*** EXTRACTED INFORMATION
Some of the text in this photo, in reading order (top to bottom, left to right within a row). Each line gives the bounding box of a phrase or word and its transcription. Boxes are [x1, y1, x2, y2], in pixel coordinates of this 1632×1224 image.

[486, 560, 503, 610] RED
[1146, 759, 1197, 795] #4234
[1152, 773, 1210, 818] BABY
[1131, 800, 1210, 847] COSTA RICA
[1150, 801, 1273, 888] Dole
******
All entries are to be output exactly as they stand.

= FINISHED TASK =
Some of the text in this photo, in reading order (top to bottom, left to right within a row). Each line gives the bounding box of a phrase or word and its transcription. Boxes are [x1, y1, x2, y2], in pixel coordinates of this 1632×1224 image.

[486, 560, 503, 610] RED
[1146, 759, 1197, 795] #4234
[1152, 773, 1210, 818] BABY
[1131, 800, 1210, 847] COSTA RICA
[1150, 801, 1273, 888] Dole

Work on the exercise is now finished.